The Florida Panhandle was blistered and peeling and the temperature stuck in the throat at 100 when I first met him. I was 20 years old, fresh out of college and a newlywed. He was said to be a wild one; the spitting image of Rowdy Yates ("Rawhide") and he always tried to get along with everyone. He came through one of the two backdoors to the main office carefully stomping wet, grey clay from his boots on a ragged mat. Tracks of dust lined his face squint lines; calcined clay emissions clung to curly dark hair peeking from under his white hard hat. His jeans were banged-up and worn and his mud-caked cowboy boots looked mean. An open pack of Camel cigarettes strained the pocket of his cowboy shirt and a yellow pencil rested back of his right ear. I remember what he was wearing very well because he wore only a slight variation every day.

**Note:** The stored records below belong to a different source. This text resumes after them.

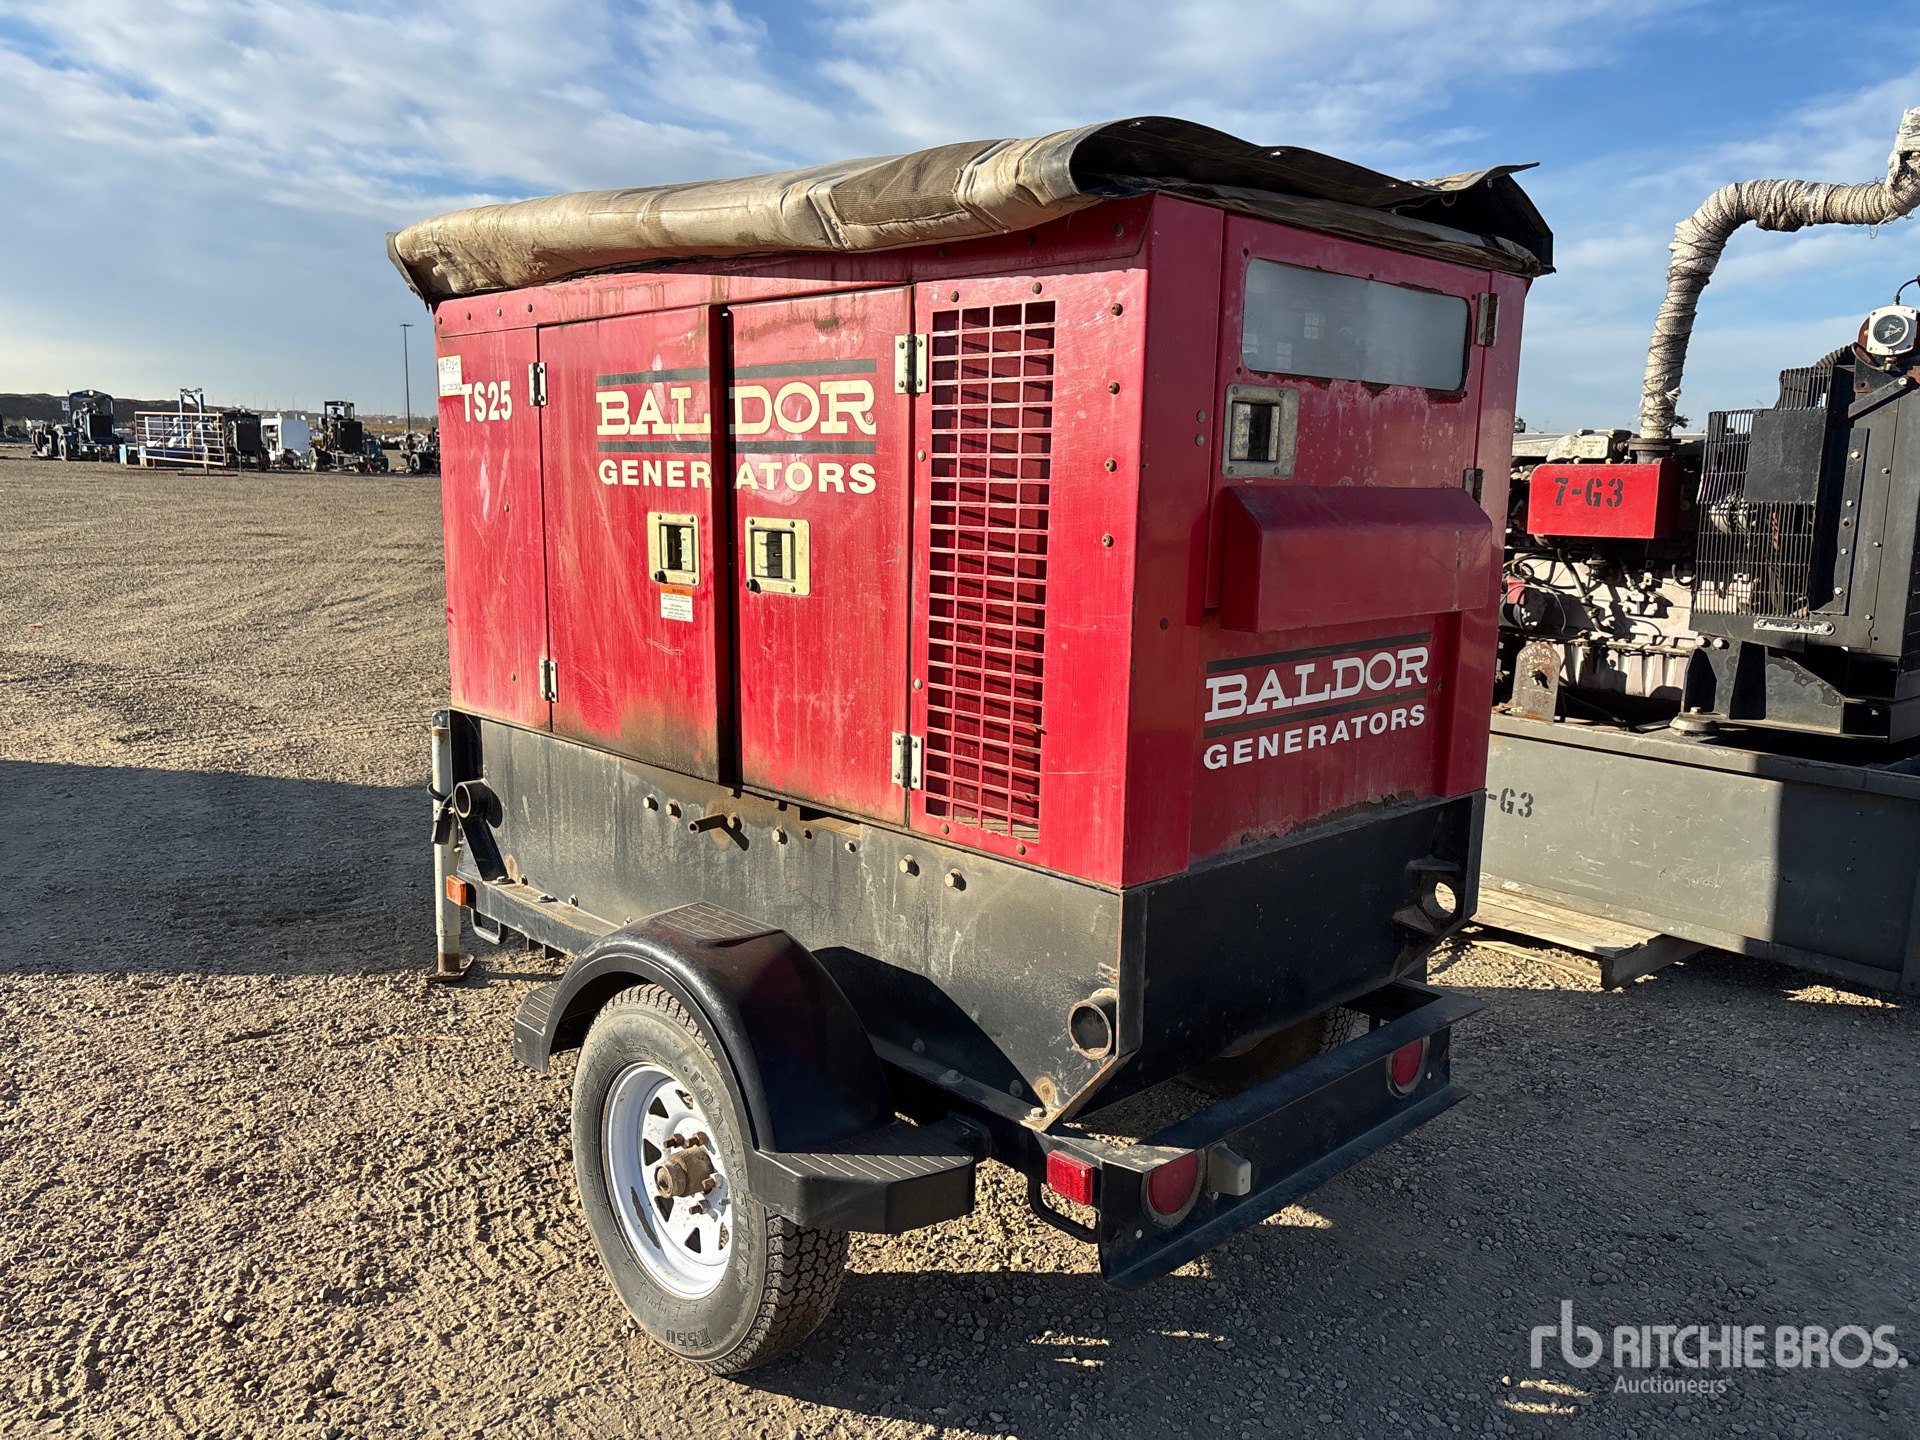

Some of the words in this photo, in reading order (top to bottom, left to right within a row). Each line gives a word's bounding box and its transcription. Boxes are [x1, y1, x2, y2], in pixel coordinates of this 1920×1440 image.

[461, 380, 512, 423] TS25
[596, 379, 877, 436] BALDOR
[598, 459, 877, 494] GENERATORS
[1554, 477, 1624, 508] 7-G3
[1204, 646, 1429, 722] BALDOR
[1203, 704, 1426, 770] GENERATORS
[1488, 787, 1535, 818] -G3
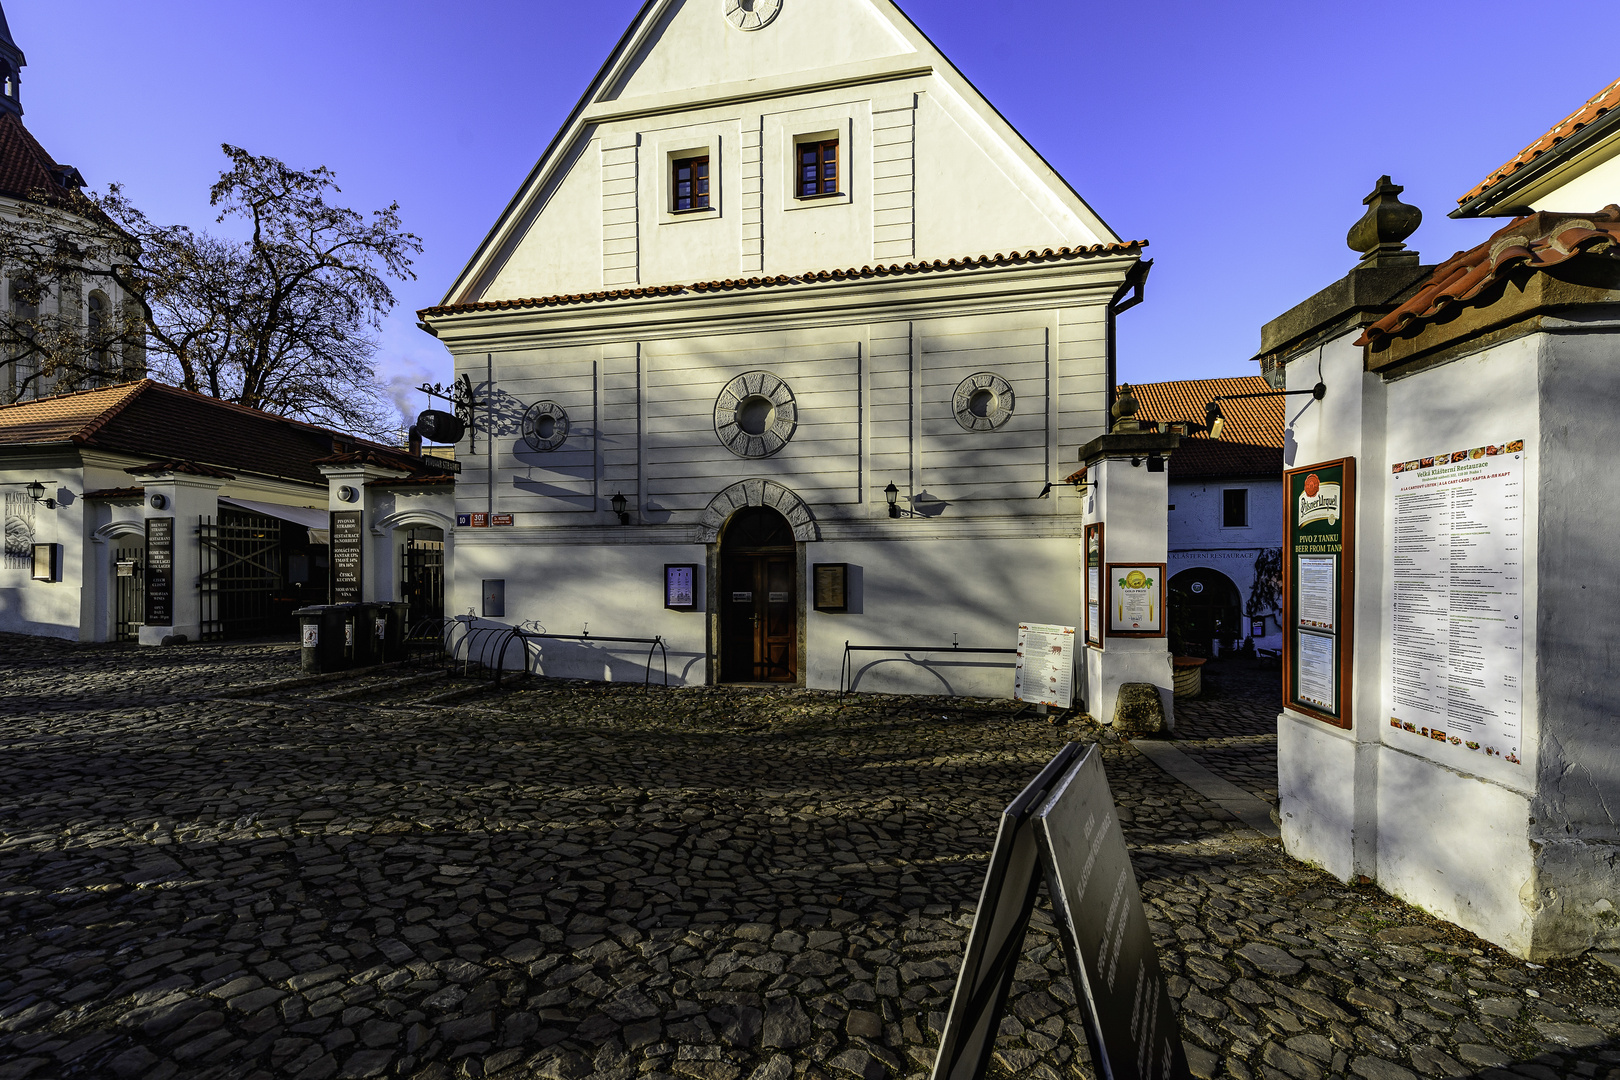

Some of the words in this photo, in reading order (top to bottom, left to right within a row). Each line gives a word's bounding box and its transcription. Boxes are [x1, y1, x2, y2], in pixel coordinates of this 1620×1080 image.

"Come on over here, friend and meet Queen", the aging Shipping Clerk, Carl hollered. Acknowleging the introduction with "hey" and a friendly smile he lapsed into silence as he pencilled railcar numbers on the Daily Schedule and two finger-typed SAL's Switch List. Satisfied with final squiggles on the charts he walked past our crowded metal desks and opened the back door to sunlight falling on the sidewalk. Rumbling mills and heat clashed with our humid indoor air as he slammed the door behind him.

And he was gone. Gone back to his dark, dusty little office deep in the heart of the Plant. Back to his radio tuned to a country station and Connie Smith. Back to his ringing telephone and black coffee. Back to a nagging management group and sour workforce.

If I had been smarter or more attentive I'd have recognized he alone had the formula for a profitable processing and mining operation.